Data —
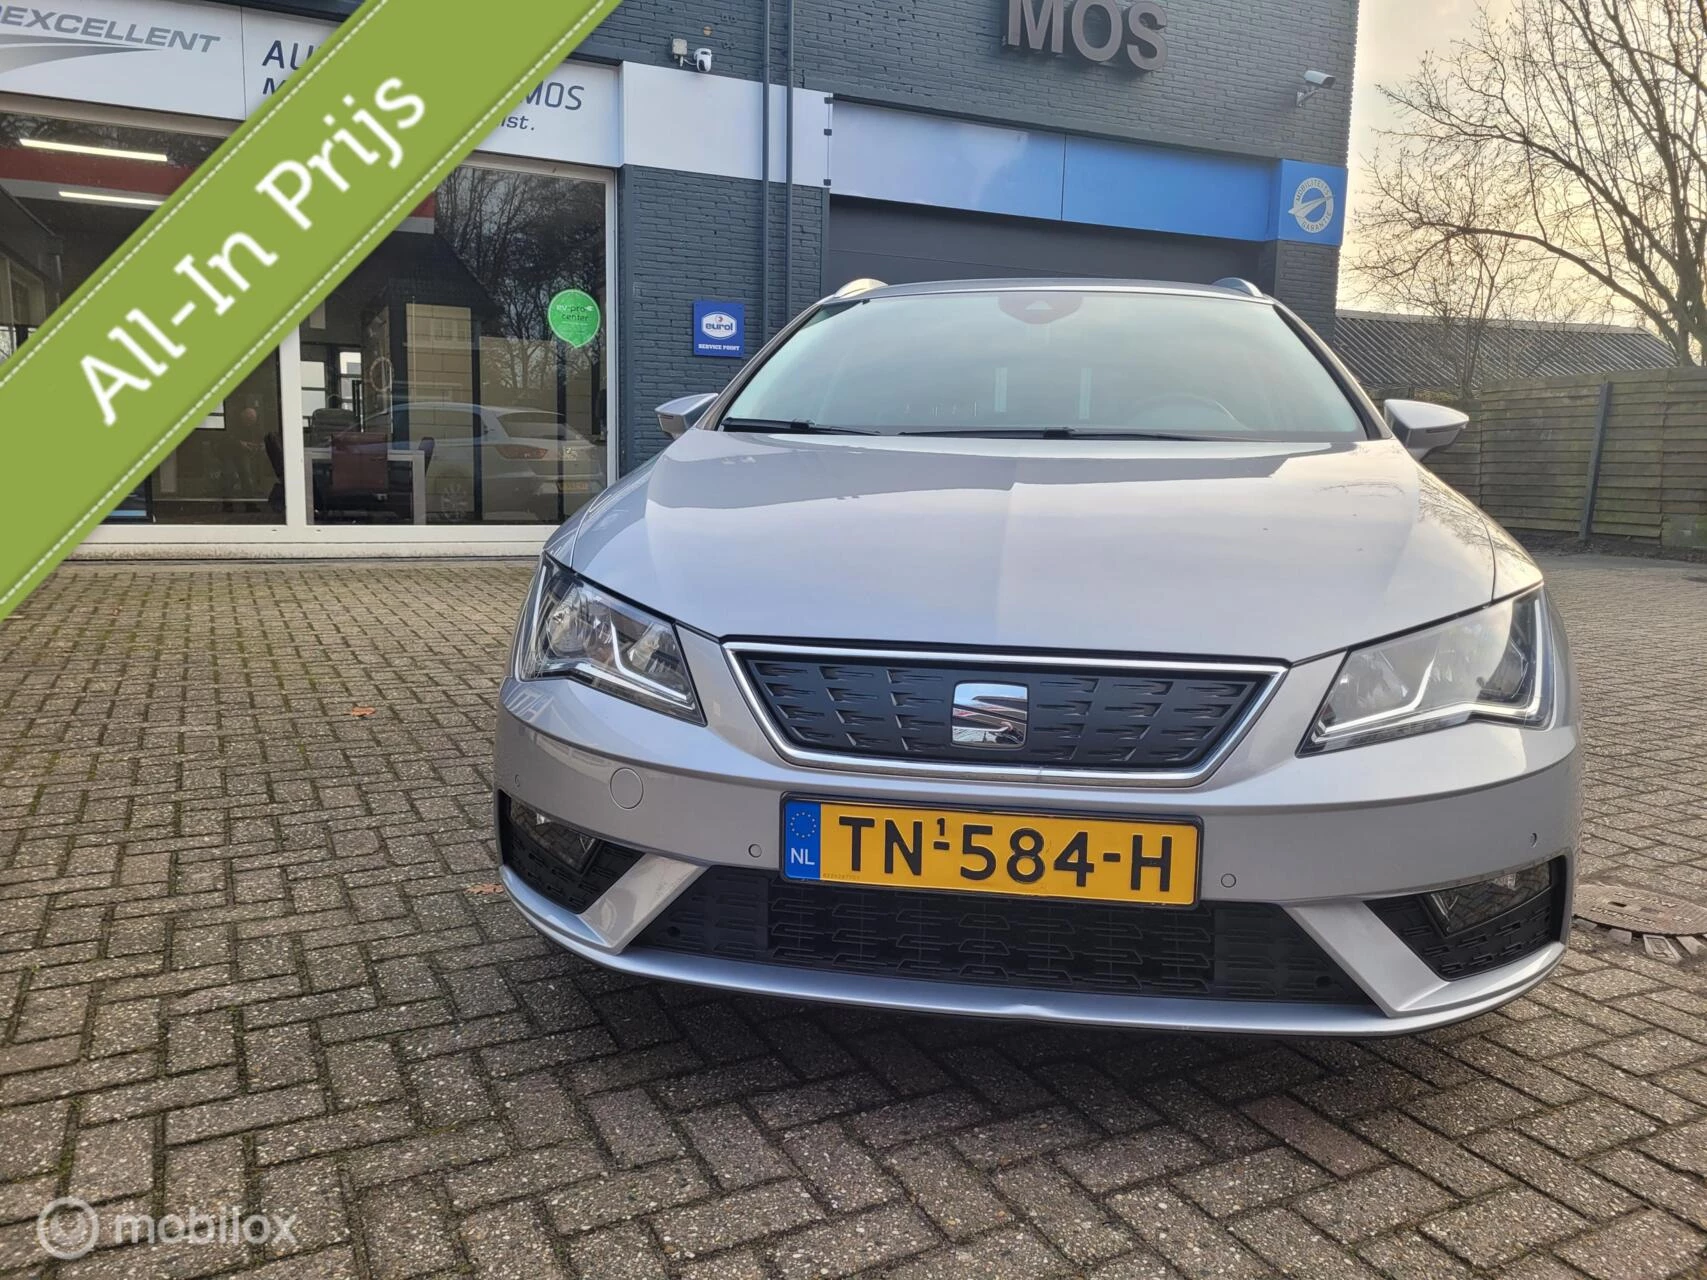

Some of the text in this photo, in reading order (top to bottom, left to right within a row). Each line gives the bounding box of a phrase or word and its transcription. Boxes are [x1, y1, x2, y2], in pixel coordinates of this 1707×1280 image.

[0, 5, 221, 54] EXCELLENT
[1005, 0, 1168, 71] MOS
[705, 322, 733, 331] eurol
[790, 847, 815, 866] NL

About this task — Print every record exactly, without the pictures.

Response to the exercise —
Some of the text in this photo, in reading order (top to bottom, left to right within a row). Each line gives the bounding box of a phrase or word and its transcription. Boxes are [x1, y1, x2, y2], in pixel coordinates of this 1707×1280 image.

[0, 5, 221, 54] EXCELLENT
[1005, 0, 1168, 71] MOS
[705, 322, 733, 331] eurol
[790, 847, 815, 866] NL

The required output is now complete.